Ванная у мамы выглядела так же жутковато, как у Айви – только рыбка в ванне не плавала. Амулет я нашла и, смыв с себя «Кавергерл», пробудила чары, вполне довольная результатом. Еще раз со вздохом попытавшись пригладить волосы, я поспешила в кухню. Никто не знает, что еще мама расскажет Нику, если я оставлю их слишком надолго.
Конечно, я их нашла над альбомом с почти вплотную сдвинутыми головами. Мама показывала фотографии. У Ника в руках была чашка кофе, от нее поднимался пар.
– Мам! – с упреком сказала я. – Потому-то я больше никого и не привожу.
Крылья Дженкса резко затрещали – он взлетел с маминого плеча.
– Ведьма, не гони волну. Все равно они уже миновали картинки с голыми младенцами.
Я закрыла глаза, собираясь с силами. Мама, радостно покачивая бедрами на ходу, подошла помешать «альфредо». Я заняла ее место рядом с Ником, показывая на страницы:
– Вот это мой брат Роберт, – сказала я, жалея, что он не отвечает на мои телефонные звонки. – А это папа, – добавила я, чувствуя наплыв эмоций. И улыбнулась фотографии – мне очень его не хватало.

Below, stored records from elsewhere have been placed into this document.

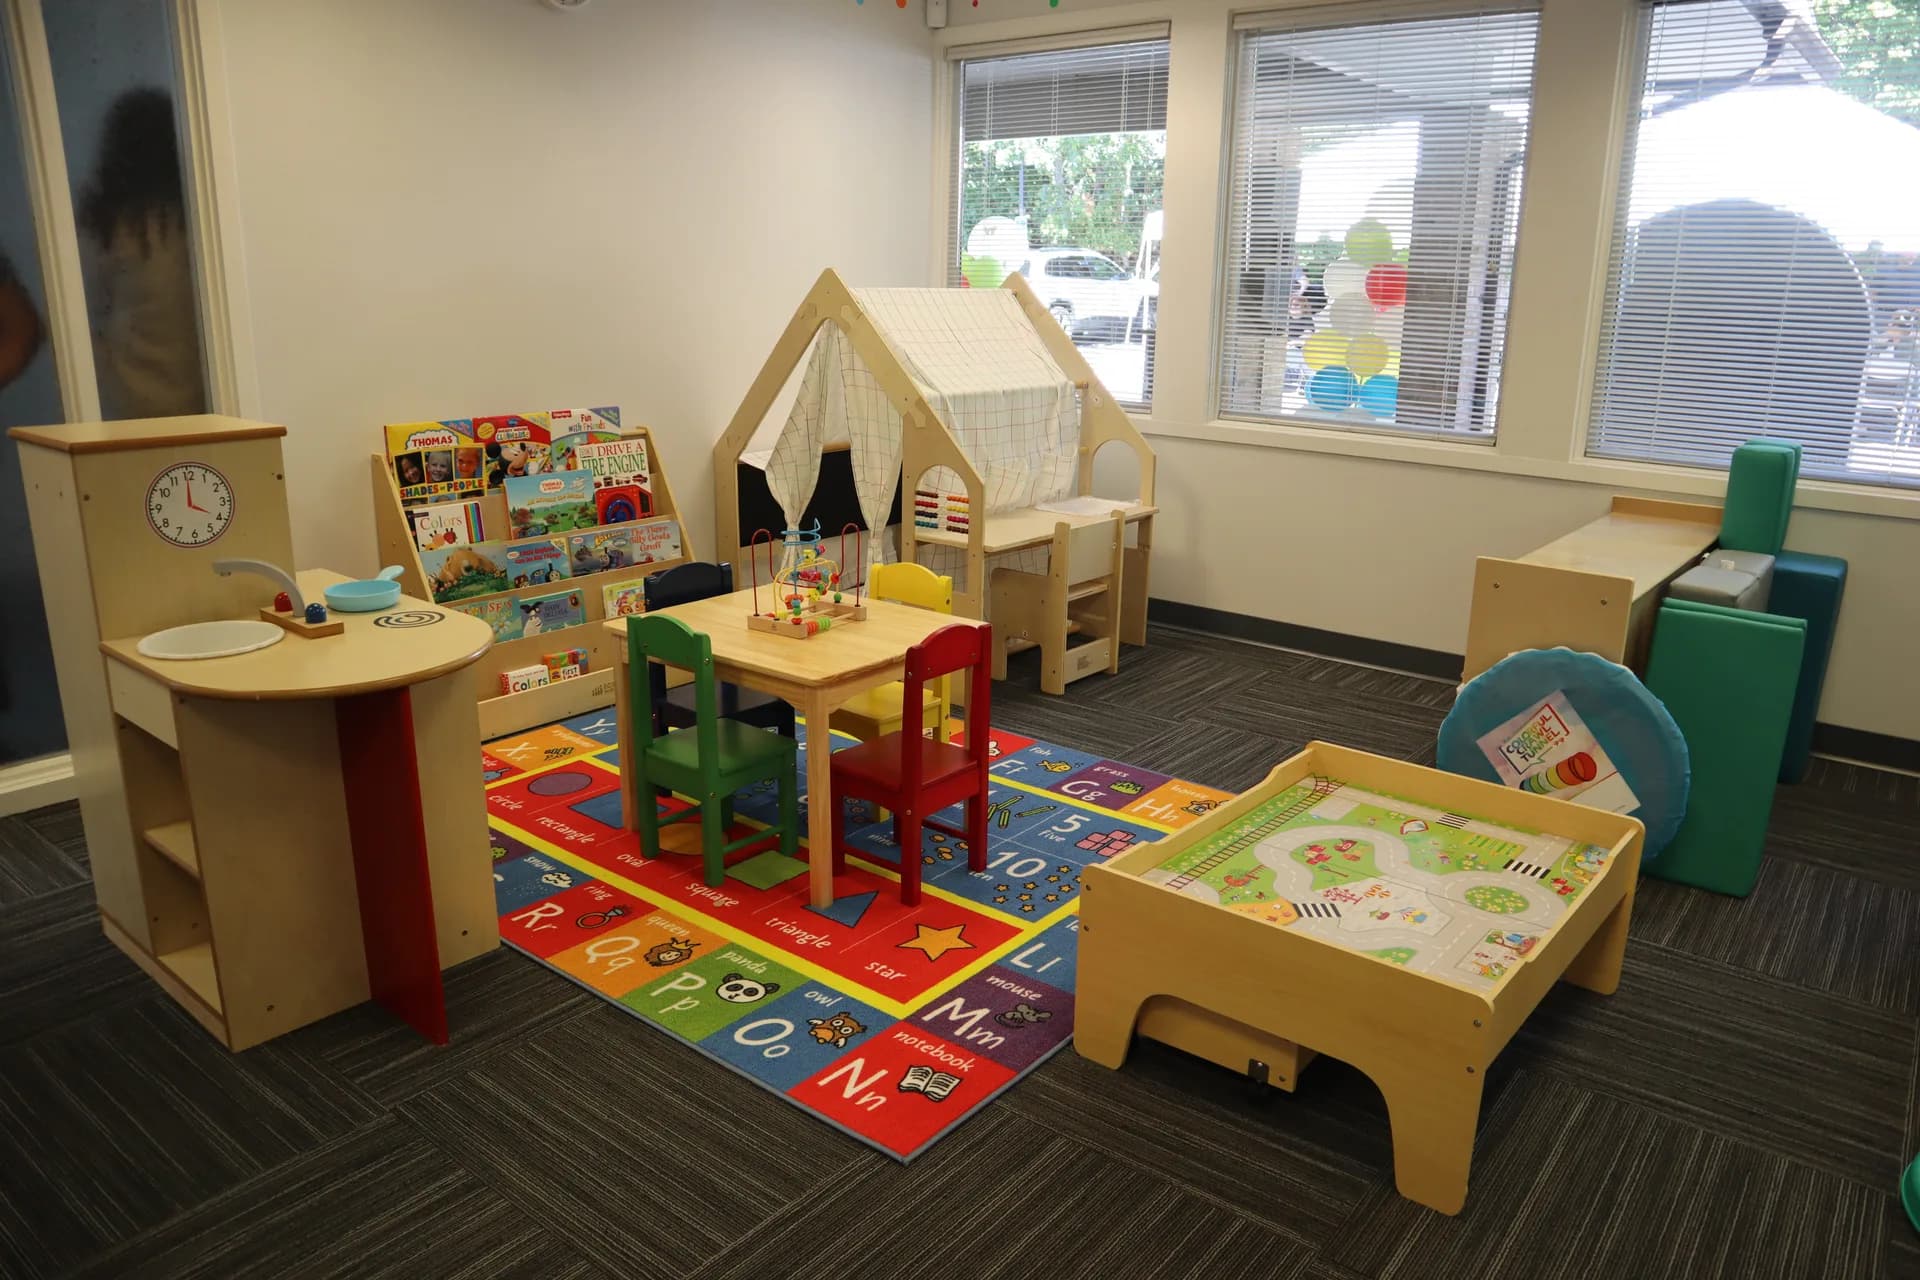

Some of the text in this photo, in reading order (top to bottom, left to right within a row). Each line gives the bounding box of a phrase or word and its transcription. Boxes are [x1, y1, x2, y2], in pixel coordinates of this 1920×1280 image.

[581, 414, 592, 422] Fun
[569, 423, 582, 432] with
[412, 435, 453, 447] THOMAS
[597, 441, 644, 456] DRIVE A
[581, 453, 646, 477] FIRE ENGINE
[170, 476, 178, 487] 11
[182, 470, 195, 481] 12
[203, 474, 206, 483] 1
[159, 487, 171, 498] 10
[212, 482, 219, 493] 2
[400, 484, 439, 499] SHADES
[447, 479, 484, 493] PEOPLE
[155, 503, 162, 514] 9
[219, 496, 226, 507] 3
[162, 518, 169, 528] 8
[216, 512, 222, 521] 4
[420, 514, 462, 530] Colors
[176, 526, 183, 536] 7
[191, 528, 198, 538] 6
[207, 522, 214, 533] 5
[562, 666, 577, 675] first
[512, 677, 548, 693] Colors
[1506, 714, 1553, 754] COLORFUL
[1516, 726, 1552, 755] CRAWL
[1520, 730, 1560, 762] TUNNEL
[1093, 766, 1129, 778] grass
[1061, 780, 1107, 801] Gg
[488, 794, 523, 811] circle
[1131, 798, 1180, 822] Hh
[535, 816, 595, 844] rectangle
[1051, 814, 1091, 833] 5
[1037, 829, 1066, 842] five
[523, 856, 557, 871] snow
[616, 853, 655, 869] oval
[986, 851, 1047, 878] 10
[583, 884, 614, 902] ring
[685, 881, 739, 907] square
[511, 902, 565, 932] Rr
[648, 913, 689, 938] queen
[765, 915, 833, 951] triangle
[585, 936, 641, 975] Qq
[716, 949, 769, 975] panda
[864, 958, 907, 982] star
[649, 971, 707, 1014] Pp
[985, 973, 1043, 1002] mouse
[804, 986, 845, 1008] owl
[921, 996, 1007, 1050] Mm
[733, 1017, 796, 1059] Oo
[893, 1029, 976, 1073] notebook
[817, 1057, 889, 1112] Nn

– Хорошо выглядит, – сказал Ник.
– Для меня это был лучший человек в мире.
Я перевернула страницу, и Дженкс приземлился на нее, уперев руки в боки и стал прогуливаться по моей жизни, аккуратно разложенной по столбцам и строкам.
– Вот это моя любимая его фотография, – сказала я, показав на группу непохожих одиннадцати-двенадцатилетних девочек, стоящих перед желтым автобусом. Все мы были загорелые, волосы на три тона светлее обычного. Мои были коротко пострижены и торчали во все стороны. Папа стоял рядом со мной, держа руку у меня на плече, и улыбался в объектив. Я невольно вздохнула.
– А это мои подруги по летнему лагерю, – сказала я, вспоминая три моих самых лучших лета. – Посмотри, видишь озеро? Это где-то в штате Нью-Йорк. Плавала я только один раз, потому что холодная была вода. Ноги сводило.
– Никогда в лагере не был, – сказал Ник, пристально вглядываясь в лица.
– Лагерь из разряда «твое последнее желание», – объяснила я. – Меня оттуда вышибли, когда сообразили, что я уже не умираю.
– Рэйчел! – возразила мама. – Там не все были умирающие.
– Почти все.
Я помрачнела, разглядывая лица, когда сообразила, что только я одна из них, наверное, еще жива. Попыталась вспомнить имя худенькой черноволосой девочки рядом со мной, и огорчилась, что не смогла. Это была моя лучшая подруга.
– Рэйчел попросили больше туда не приезжать, когда она устроила скандал, – сказала мама, – а не потому, что она выздоравливала. Ей вступило в голову наказать одного мальчика iu то, что девочек дразнил.
– Мальчика! – передразнила я. – Хулигана. Он там был старше всех.